BEGIN The input

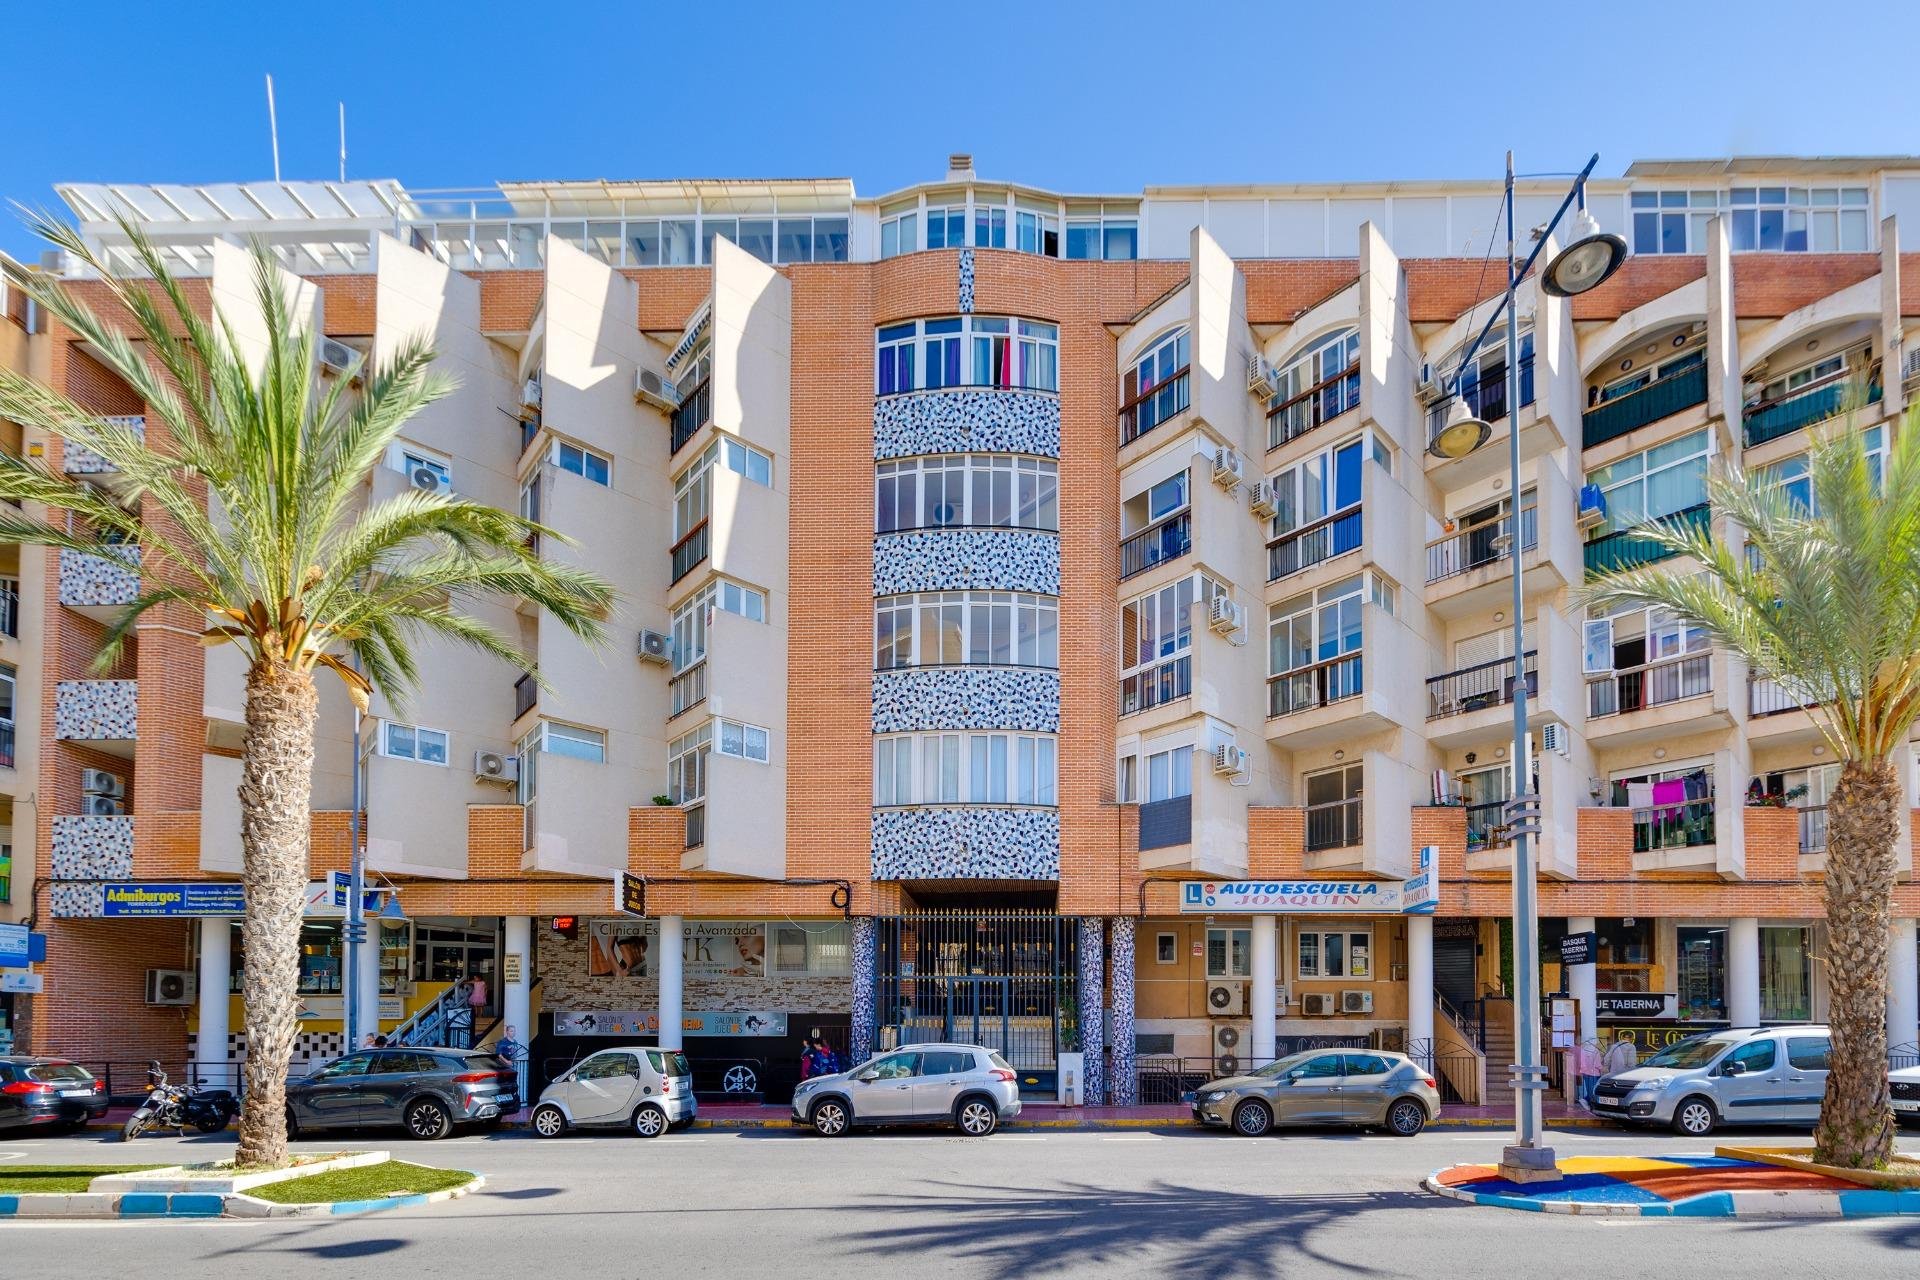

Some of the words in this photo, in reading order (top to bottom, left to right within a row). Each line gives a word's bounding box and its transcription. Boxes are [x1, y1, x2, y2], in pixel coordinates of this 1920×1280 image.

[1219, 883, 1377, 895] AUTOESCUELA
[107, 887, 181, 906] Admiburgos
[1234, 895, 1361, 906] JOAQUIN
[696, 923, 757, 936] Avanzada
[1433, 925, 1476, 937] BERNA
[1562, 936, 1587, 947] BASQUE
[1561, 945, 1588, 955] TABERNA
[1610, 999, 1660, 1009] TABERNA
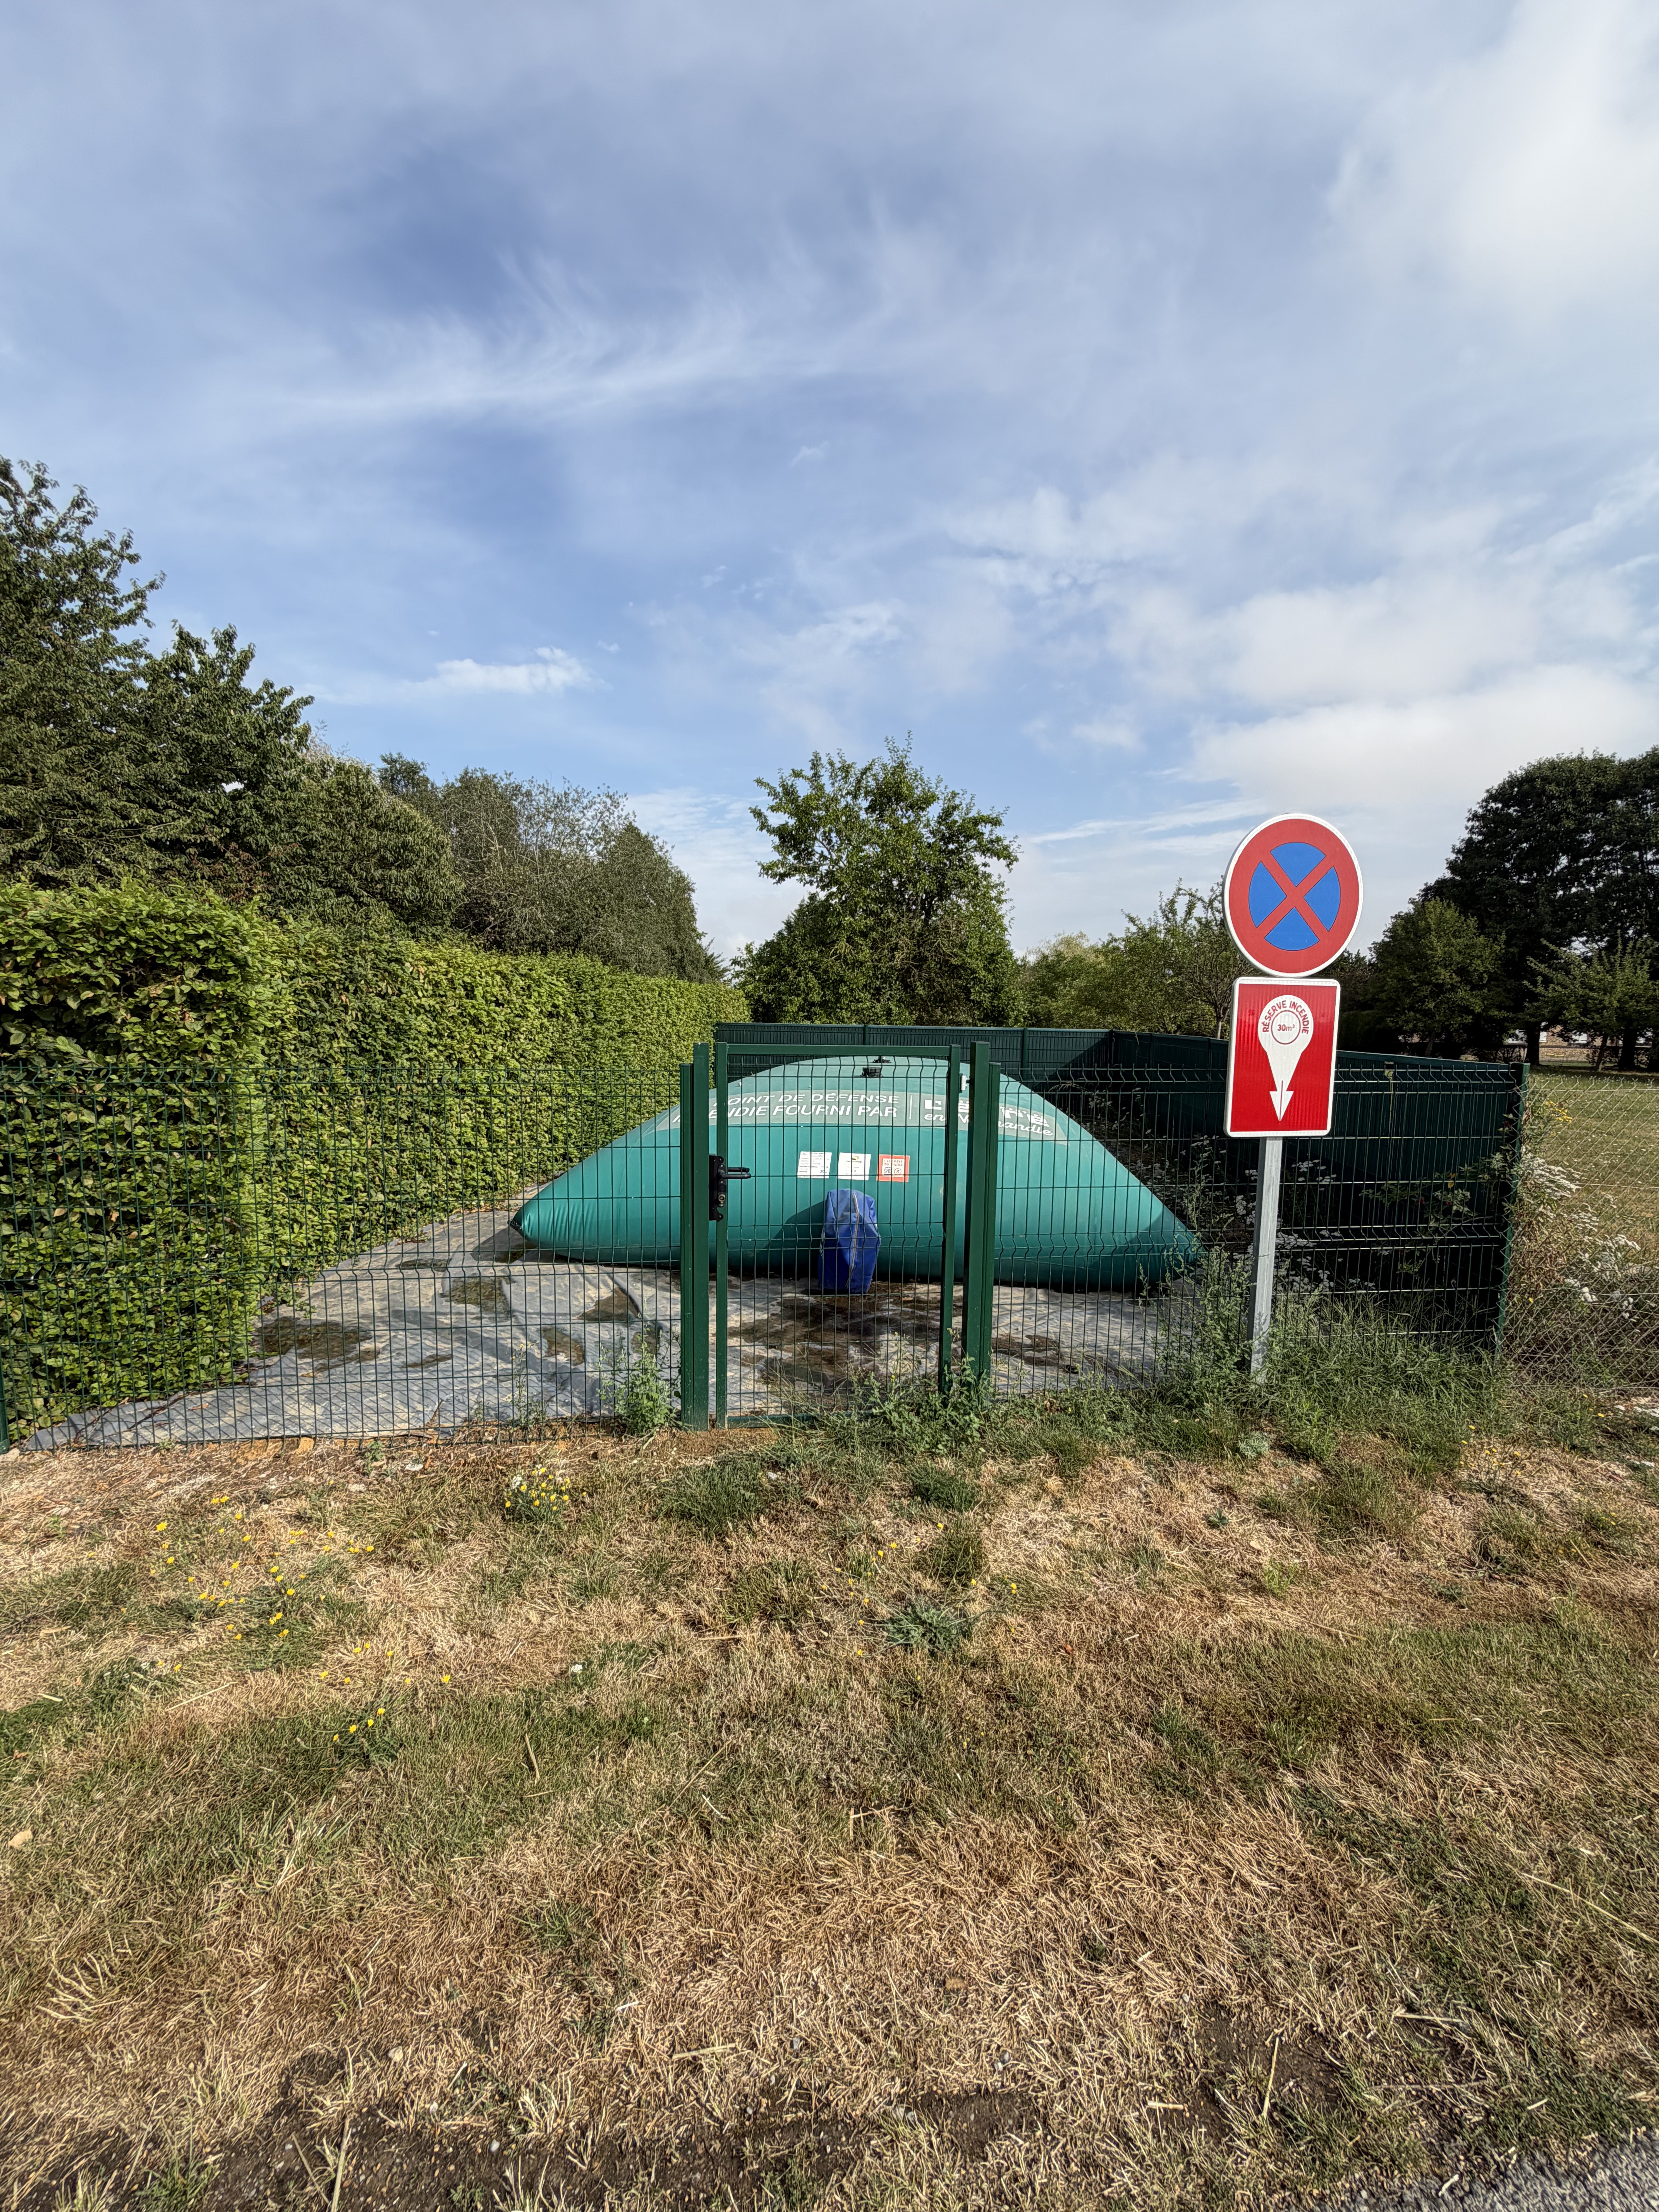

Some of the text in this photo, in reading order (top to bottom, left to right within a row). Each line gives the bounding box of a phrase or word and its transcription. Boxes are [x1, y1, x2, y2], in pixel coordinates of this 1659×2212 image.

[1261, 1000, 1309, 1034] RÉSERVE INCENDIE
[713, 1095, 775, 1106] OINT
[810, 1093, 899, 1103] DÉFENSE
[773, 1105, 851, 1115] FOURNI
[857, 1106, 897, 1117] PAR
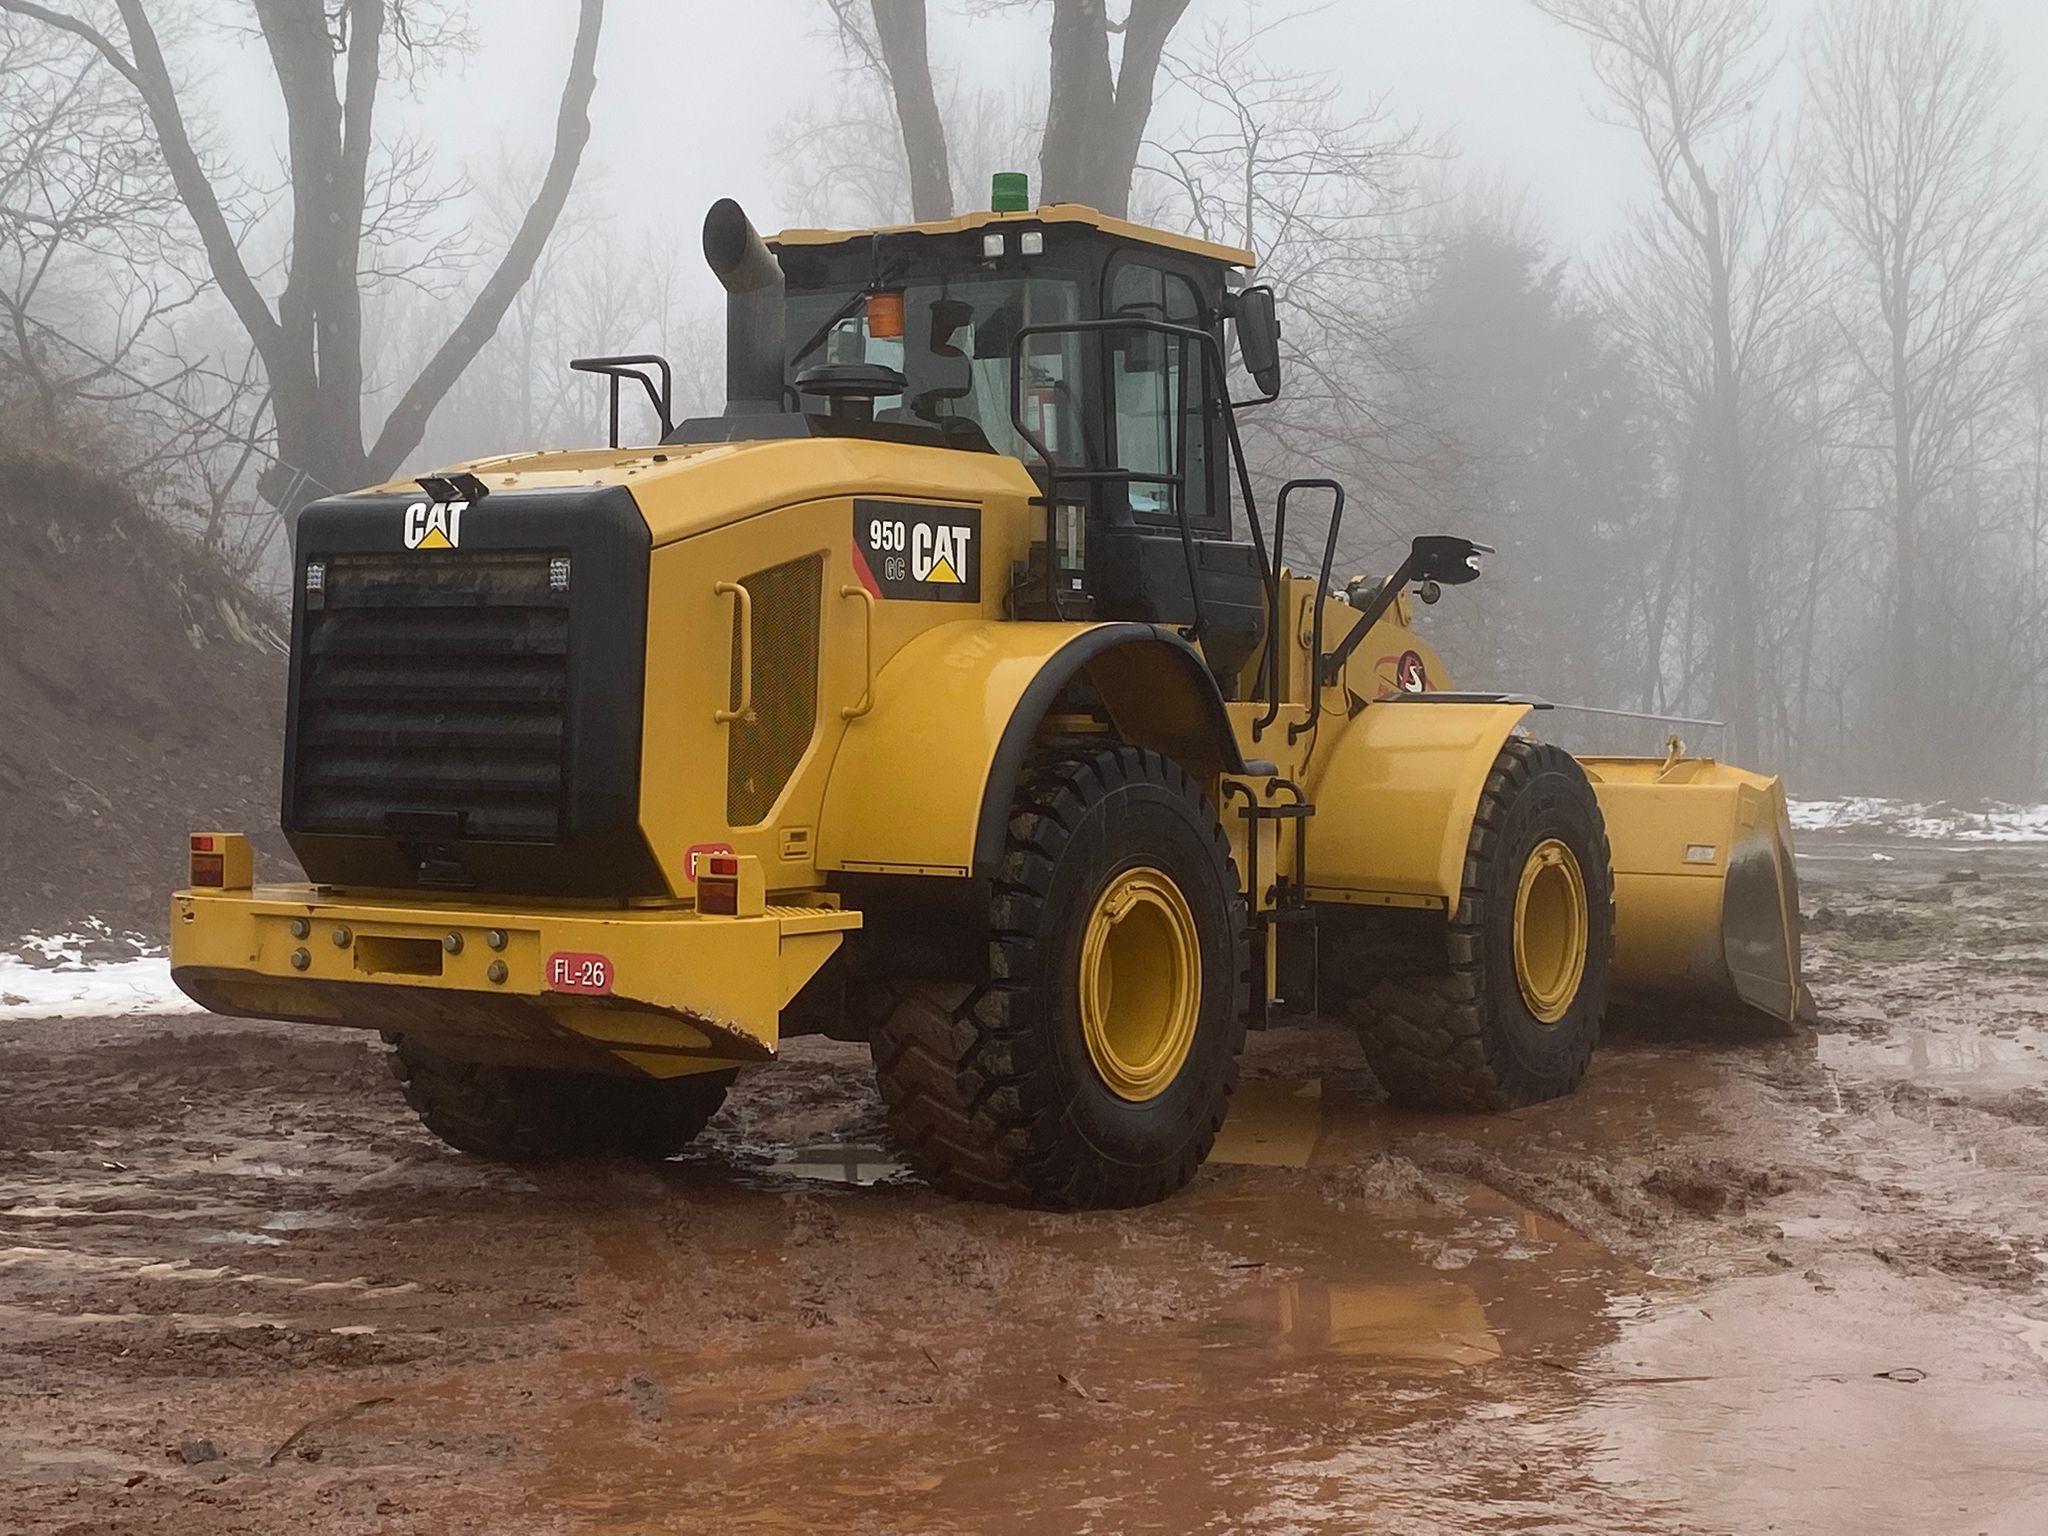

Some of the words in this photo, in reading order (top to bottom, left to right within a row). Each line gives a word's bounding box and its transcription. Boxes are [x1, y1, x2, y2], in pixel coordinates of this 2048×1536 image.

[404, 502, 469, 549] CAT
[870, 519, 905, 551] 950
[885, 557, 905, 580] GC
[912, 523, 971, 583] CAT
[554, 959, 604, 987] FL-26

END The input

Each record above is to be written out exactly; the pictures are not.

_Solution_.
Some of the words in this photo, in reading order (top to bottom, left to right within a row). Each line gives a word's bounding box and its transcription. Boxes are [x1, y1, x2, y2], in pixel coordinates of this 1920×1280 image.

[1219, 883, 1377, 895] AUTOESCUELA
[107, 887, 181, 906] Admiburgos
[1234, 895, 1361, 906] JOAQUIN
[696, 923, 757, 936] Avanzada
[1433, 925, 1476, 937] BERNA
[1562, 936, 1587, 947] BASQUE
[1561, 945, 1588, 955] TABERNA
[1610, 999, 1660, 1009] TABERNA

Some of the text in this photo, in reading order (top to bottom, left to right within a row). Each line gives the bounding box of a phrase or word and its transcription. Boxes are [x1, y1, x2, y2], in pixel coordinates of this 1659×2212 image.

[1261, 1000, 1309, 1034] RÉSERVE INCENDIE
[713, 1095, 775, 1106] OINT
[810, 1093, 899, 1103] DÉFENSE
[773, 1105, 851, 1115] FOURNI
[857, 1106, 897, 1117] PAR

Some of the words in this photo, in reading order (top to bottom, left to right within a row). Each line gives a word's bounding box and its transcription. Boxes are [x1, y1, x2, y2], in pixel coordinates of this 2048×1536 image.

[404, 502, 469, 549] CAT
[870, 519, 905, 551] 950
[885, 557, 905, 580] GC
[912, 523, 971, 583] CAT
[554, 959, 604, 987] FL-26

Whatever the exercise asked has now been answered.